Instintivamente quería decir eso, pero al recordar que Alejandro estaría dispuesto a arriesgar su vida por Luz, Simón se dio cuenta de que no era que no la amara, sino que su amor era diferente.

Su amor era más maduro, más elevado.

Esto hizo que, aunque su corazón doliera al mirar a Alejandro, aceptara que Luz ya tenía una mejor opción.

Orgulloso por naturaleza y siempre creyendo ser el mejor del mundo, Simón, por primera vez, admiraba a alguien y sabía que no podía compararse con Alejandro.

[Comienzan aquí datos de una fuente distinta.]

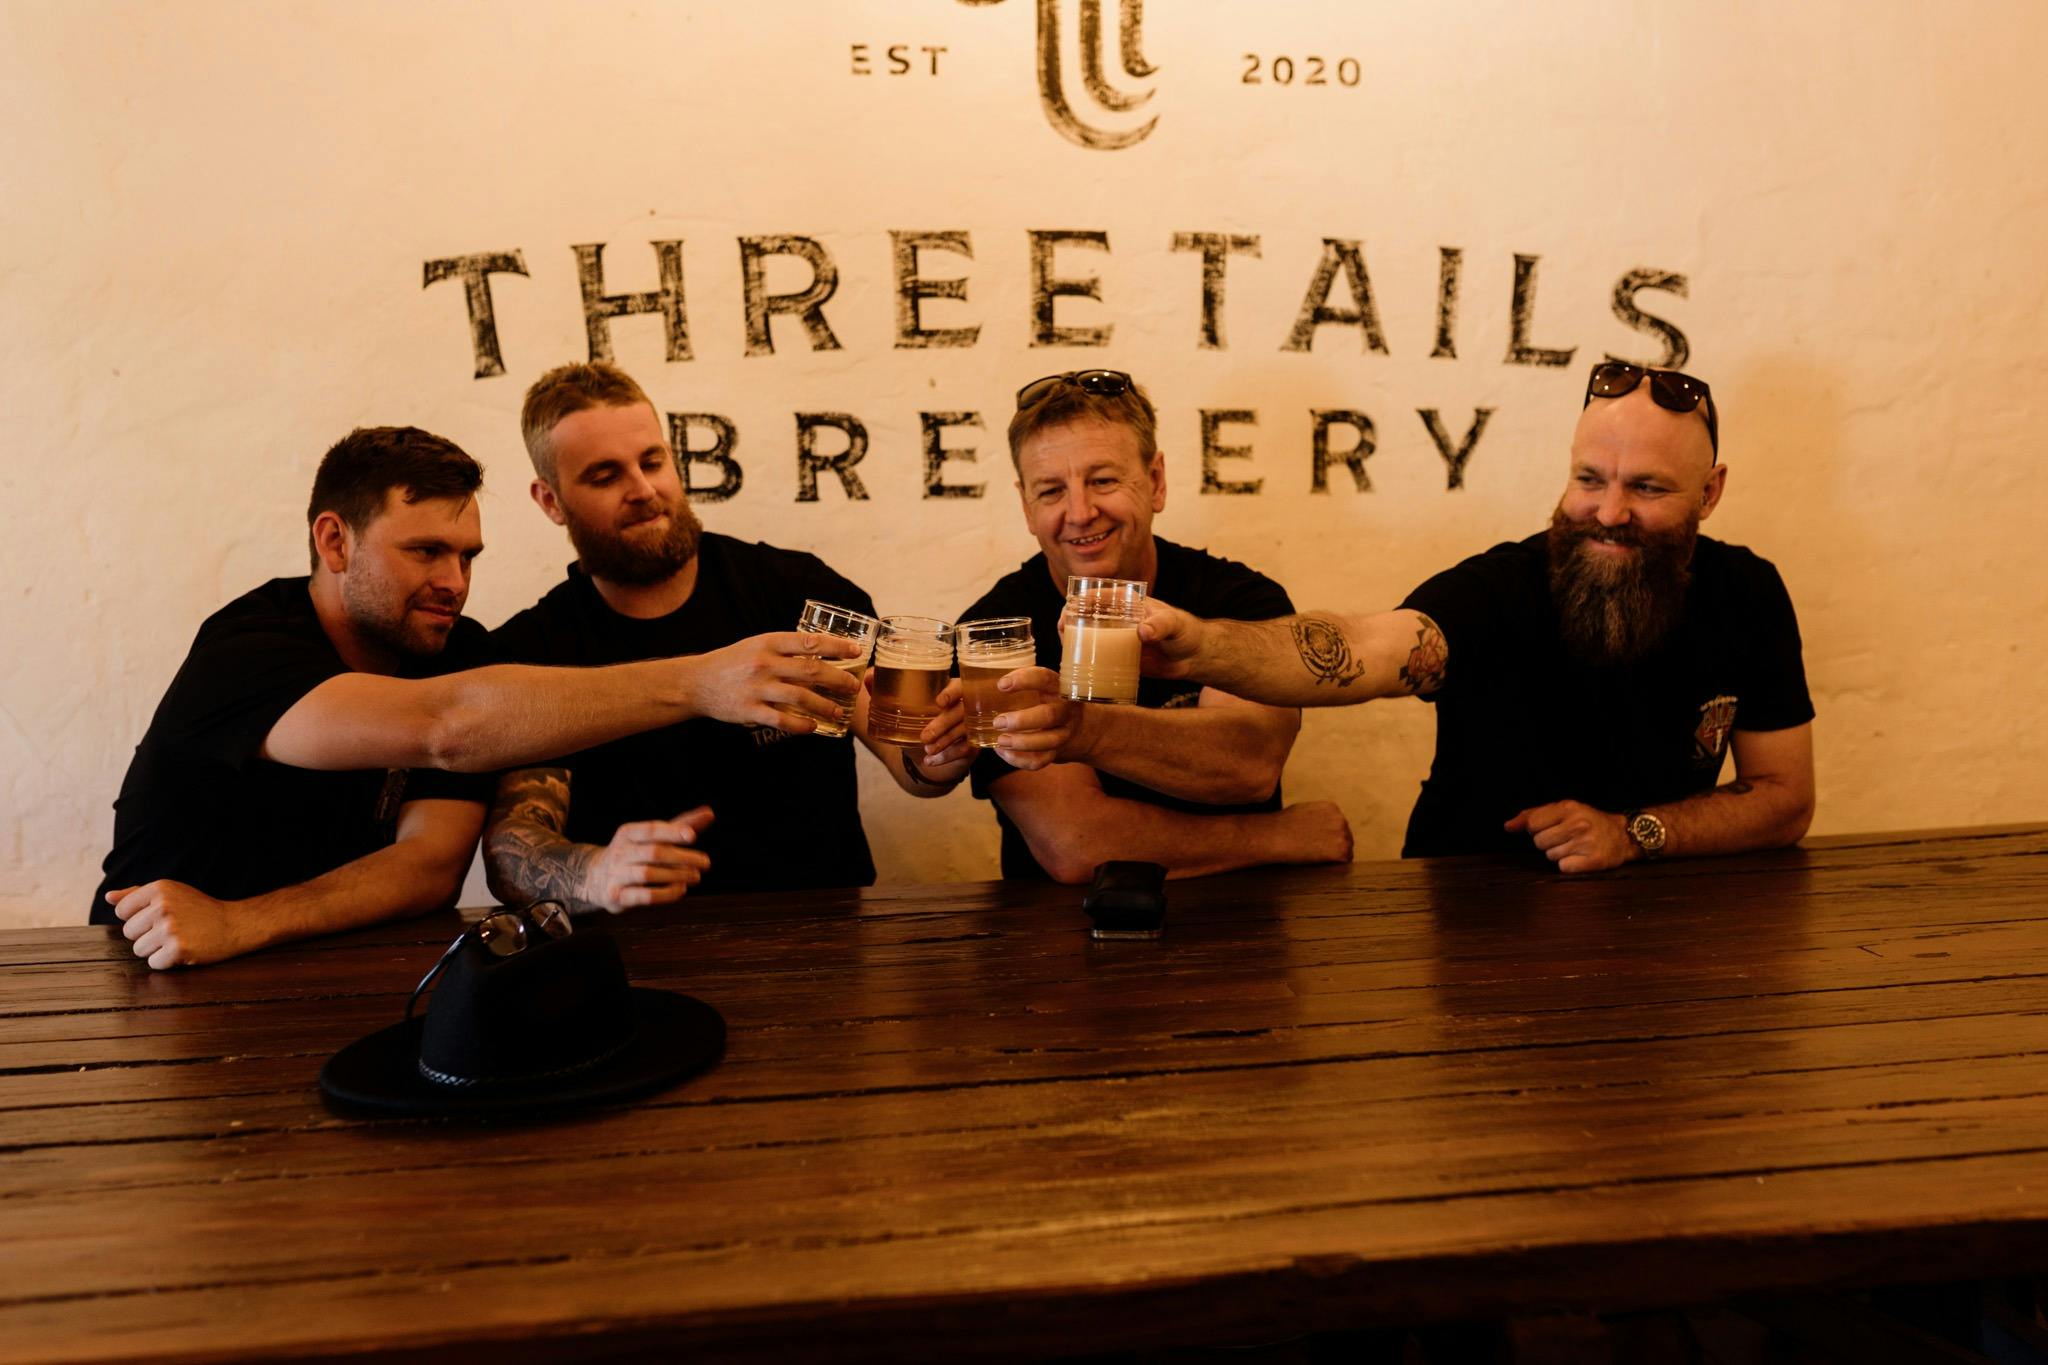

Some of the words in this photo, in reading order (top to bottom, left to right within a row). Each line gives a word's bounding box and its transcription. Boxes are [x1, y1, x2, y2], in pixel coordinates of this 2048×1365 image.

[851, 45, 947, 75] EST
[1241, 53, 1361, 86] 2020
[665, 407, 1498, 502] BREERY

Dejar a Luz con alguien como Alejandro le causaba dolor, pero no resentimiento.

...

Durante el tiempo en que Simón estuvo en problemas, a pesar de obligarme a descansar bien porque tenía un hijo y no podía permitirme el lujo de excederme en el cansancio o las emociones, no pude evitar preocuparme por Simón, temiendo que nunca despertara.

Por eso, cuando Simón finalmente despertó, me relajé por completo y dormí profundamente.

—Luz, te lo ruego, por favor, perdona a Violeta. Ella ya no tiene nada, te lo suplico, por favor, déjala ir solo esta vez.

Tal vez porque, después de enviar a mi papá de regreso, hice que lo vigilaran de cerca, no permitiéndole hacer nada más que acompañar a mi abuela, más restrictivo que una cárcel, mi mamá se dio cuenta de que ya no era la misma de antes. Ahora sabía que podía ser despiadada, que no perdonaba ni a mi propio padre, mucho menos a Violeta.

Por eso no vino a gritarme o a usar su autoridad de madre biológica, sino que, con sinceridad, se arrodilló directamente.

Cuando vio que, a pesar de que ella se arrodillaba, mi expresión no cambiaba y la miraba como si fuera una extraña, mi mamá, sin decir nada más, comenzó a golpear su cabeza contra el suelo.

—¡Luz, te lo ruego! ¡Te ruego que perdones a Violeta solo esta vez, por favor!

Beatriz, informada por Rafael sobre todos los enredos y rencores entre Violeta y yo, sabía que mis padres siempre habían favorecido a Violeta, la hija adoptiva, sobre mí, su hija biológica.

Pero sin importar cuánto supiera, ver a mi mamá arrodillarse y rogar por una hija adoptiva tan malvada la dejó completamente atónita.